Nesse dia fomos juntos
para casa (ela morava no mesmo alojamento que eu). Conversamos sobre o céu, a
impressão que cada um tinha e a relação quase metafisica que mantínhamos com a
natureza. Ela me falou que costumava sentar a noite na varanda do prédio onde
morávamos e ficar observando as estrelas, contando elas. Tantas coisas em
comum: me apaixonei de cara. Saímos muitas vezes: íamos a pizzarias, cafés,
barzinhos – conversávamos sobre tudo. Até o dia em que ela sumiu. Descobri que
ela estava doente. Liguei para ela, ela me falou o hospital e fui visita-la.
Cuidei dela durante todo o período em que ela ficou no hospital. Decidimos
namorar, ela me apresentou seus pais, me levou para os almoços de família que
aconteciam na casa de seus país e todos os dias passamos a trocar confidências.
O amor que desenvolvemos um pelo outro era puro, como a agua que sai de uma
fonte. Com o tempo, fomos nos aproximando cada vez mais. Saímos do alojamento
fornecido pela faculdade e alugamos um cantinho para a gente. Tudo transcorria
de maneira serena e magnífica.
Foi então que
descobrimos o emblemático aforismo 428 de “Humano, demasiado humano” de
Nietzsche: ao viver próximo de mais de uma pessoa é como se tocássemos numa
bela pintura com os dedos sujos, com o passar do tempo teremos nas mãos apenas
um quadro sujo e nunca mais veremos o desenho e a sua beleza original – perde-se
muito no contato íntimo, seja com os amigos ou com quem decidimos partilhar as
meias. E foi exatamente isso que nos aconteceu.

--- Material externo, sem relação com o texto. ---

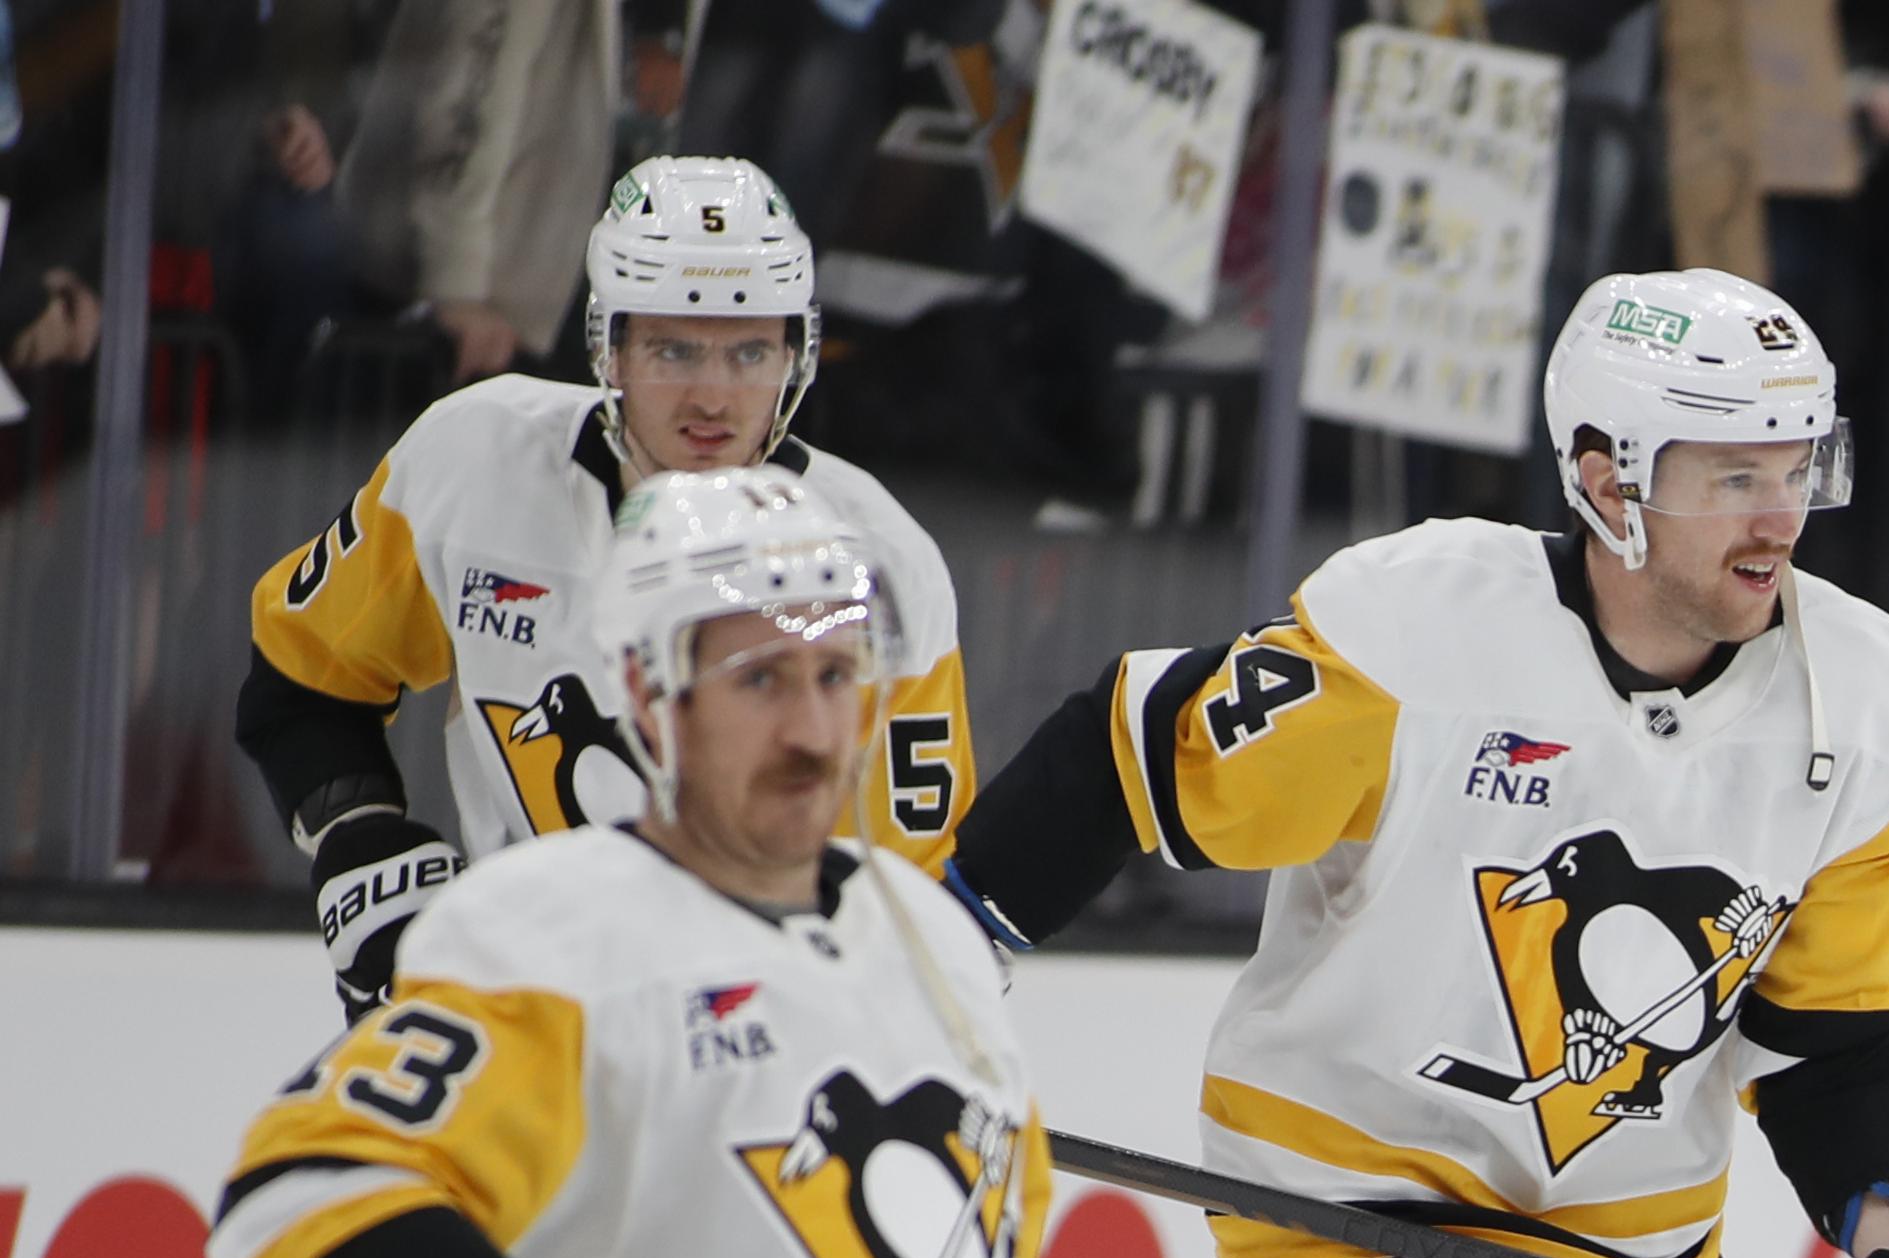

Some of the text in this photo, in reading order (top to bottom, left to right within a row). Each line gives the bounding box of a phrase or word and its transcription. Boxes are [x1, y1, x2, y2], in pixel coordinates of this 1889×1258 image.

[702, 205, 726, 233] 5
[1610, 303, 1682, 341] MSA
[287, 487, 362, 612] 5
[1203, 615, 1323, 758] 4
[885, 712, 956, 836] 5

Éramos faces diferentes de uma
mesma moeda, pagamos por nossa “geminianidade” de almas: brigas homéricas, acusações,
produzimos cenas que nem mesmo Martha Medeiros conseguiria reproduzir em suas
crônicas. Por fim, fomos percebendo que pouco a pouco nosso relacionamento
desgastou o amor que sentimos um pelo outro. Vieram as traições e o fim da
nossa relação – um fim desastroso que nos deixou cheios de ressentimento e que
me fez entrar em minha mais profunda crise existencial, com quadros de
alternância de humor, automutilação, e depressão profunda.

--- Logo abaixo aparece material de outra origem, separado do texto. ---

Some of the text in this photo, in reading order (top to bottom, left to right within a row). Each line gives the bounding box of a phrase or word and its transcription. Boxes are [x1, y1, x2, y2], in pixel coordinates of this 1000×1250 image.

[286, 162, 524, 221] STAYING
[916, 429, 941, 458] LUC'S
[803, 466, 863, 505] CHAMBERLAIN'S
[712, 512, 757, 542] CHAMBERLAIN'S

Com o passar do tempo, fui
trabalhando em mim essas feridas que foram cicatrizando gradualmente. Até que
depois de muitos outonos e primaveras aprendi a conviver com a ausência dela. Fui
tocando minha vida, traçando planos que não a incluíam, colhendo experiências
das quais ela não fazia parte, realizando viagens e conhecendo pessoas que
nunca ouviram seu nome. Peguei uma marreta e derrubei com muita violência minha
antiga morada, deixando minha vida completamente em ruínas, para então dos
destroços construir uma nova morada. Ainda que se destrua tudo e se construa
algo novo, ainda assim haverá partículas de poeiras dos antigos destroços para
mostrar que existiu em algum momento, uma construção mais antiga. Poeiras ou fragmentos
que você não percebe, que são inconscientes.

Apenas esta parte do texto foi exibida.